MONEY FOR NOTHING (PART TWO)
Multi-billion-dollar deals between the government of Angola and the US corporate giant General Electric for showpiece rail and energy infrastructure projects are under investigation after reports of scandalous “irregularities” involving an intermediary company.
As reported by Maka Angola, the projects were all part of a Memorandum of Understanding, signed by GE and the Angolan government in 2013. Two years later, three separate contracts by which these proposals would be executed were drawn up by Aenergy (Aenergia, S.A.) acting as GE’s intermediary or “channel” partner, whose legal owner is Ricardo Leitão Machado, a Portuguese national.
This was how the former Angolan administration did business with the world. Under President José Eduardo dos Santos, foreign investors and businesses were required to enter into partnership with the Angolan private sector. All too often, these were companies with nominal owners shielding the involvement of politically exposed persons whose primary goal was to divert Angolan public funds into their private bank accounts.
The Railway Network Deal
In Part One, Maka Angola reported concerns over the first of those deals: a contract signed with Angola’s Transport Ministry for the modernisation of the Angolan railway system. The project was supposed to be fully funded by a loan from a GE subsidiary, GE Capital, yet the Ministry of Finance coughed up (without prior approval) US $75 million US upfront to Aenergy, with little to show for it several years down the line.
Exercizing its right to reply, a lengthy statement from Aenergy (via PR firm Hill+Knowlton Strategies) says that all its actions in connection with that contract were legal and transparent and that the 20% of costs not covered under the deal with GE were due to logistics and import costs.
Angola’s Transport Ministry has a different opinion.
The Electricity Turbine Deal
Part Two of the investigation looks in detail at another of those contracts with Aenergy from May 2015, in this instance with the Angolan Ministry of Water and Energy, by which GE would provide turbines for hydroelectric projects in Angola, also to be financed by GE Capital.
Allegedly, a version of the Aenergy contract suggests GE Capital’s U$1.1 billion would cover the cost of 8 GE turbines. In fact, GE supplied additional turbines but somehow the Ministry says it was persuaded by Aenergy’s legal owner, Ricardo Leitão Machado, that the surplus turbines had no connection with their deal.
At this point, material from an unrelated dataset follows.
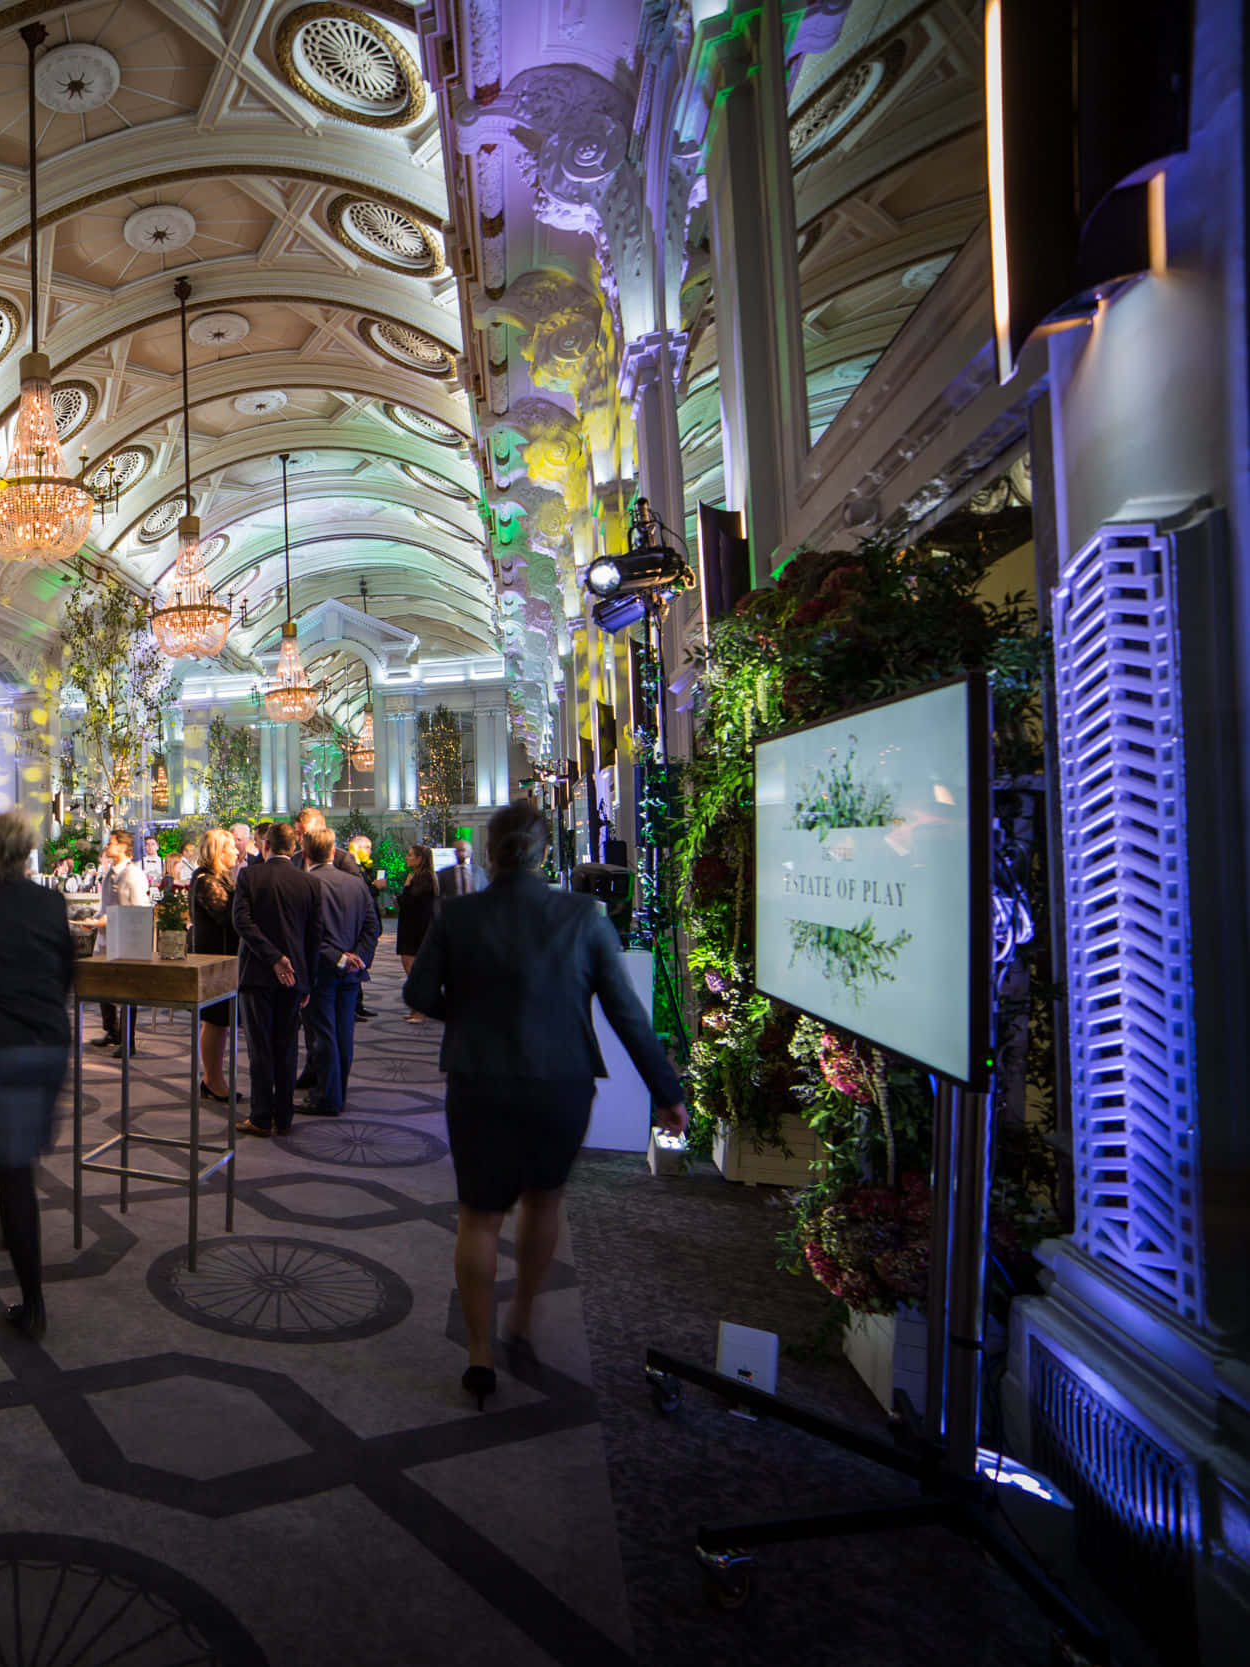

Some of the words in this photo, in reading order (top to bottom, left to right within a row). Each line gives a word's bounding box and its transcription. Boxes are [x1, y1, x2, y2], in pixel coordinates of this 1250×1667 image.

[784, 873, 831, 897] ESTATE
[837, 878, 855, 900] OF
[863, 880, 906, 907] PLAY
As Angola’s increased needs for energy in the regions became clearer, by 2018 Energy Minister João Baptista Borges submitted a proposal to President João Lourenço that Angola revise its requirements to increase capacity for Lubango (in the central highland province of the same name), Dundo (in the Northeastern province of Lunda Norte) and Tômbwa (on the coast of Namibe province. He argued they could achieve this with just four extra turbines, by reducing the turbine capacity for the Soyo I power station (in Northwestern Zaire province), thus remaining within the budget agreed with GE Capital.
When this was put to Aenergy and GE at a meeting in December 2018, there was uproar. Aenergy was set to sell an extra four turbines on to the Angolans, for more than US $120 million, but the GE Angola representatives were adamant that the additional turbines were already included in the deal, as confirmed in writing by GE’s regional executive director, Elisee Sezan.
In short, GE had funded and supplied 12 turbines to Angola; Aenergy had supplied only eight of them while asking the Ministry to pay again for the extra four.
Within days the Energy Minister sent a written report to President Lourenço (dated December 18, 2018) citing a breach of trust and no confidence in Aenergy. From that date onward, Angola began the process of extricating itself from its contractual obligations to Aenergy to deal directly with General Electric (as arguably should have been the case from the very start). On completion of the audit of their contractual relationship, Aenergy was found to owe Angola close to US $118 million.
President Lourenço was finally able to issue a decree authorizing the revocation of the contracts with Aenergy on the grounds of “violation of the principles of trust and good faith” in August 2019 and the following month a detailed dossier was sent to the office of the Attorney-General of the Republic, to launch a criminal investigation and request the seizure of the as yet undelivered turbines. On December 6, 2019, the Provincial Court of Luanda ordered the seizure of equipments in possession of Aenergy, worth US $114.2 million, all of which had been acquired with public funds.
It was only to be expected that Aenergy would react and launch an appeal against the Ministry’s injunction and for now the ponderous legal process is in course. One more mess, left by the Dos Santos kleptocracy, for which the Angolan people pay the price.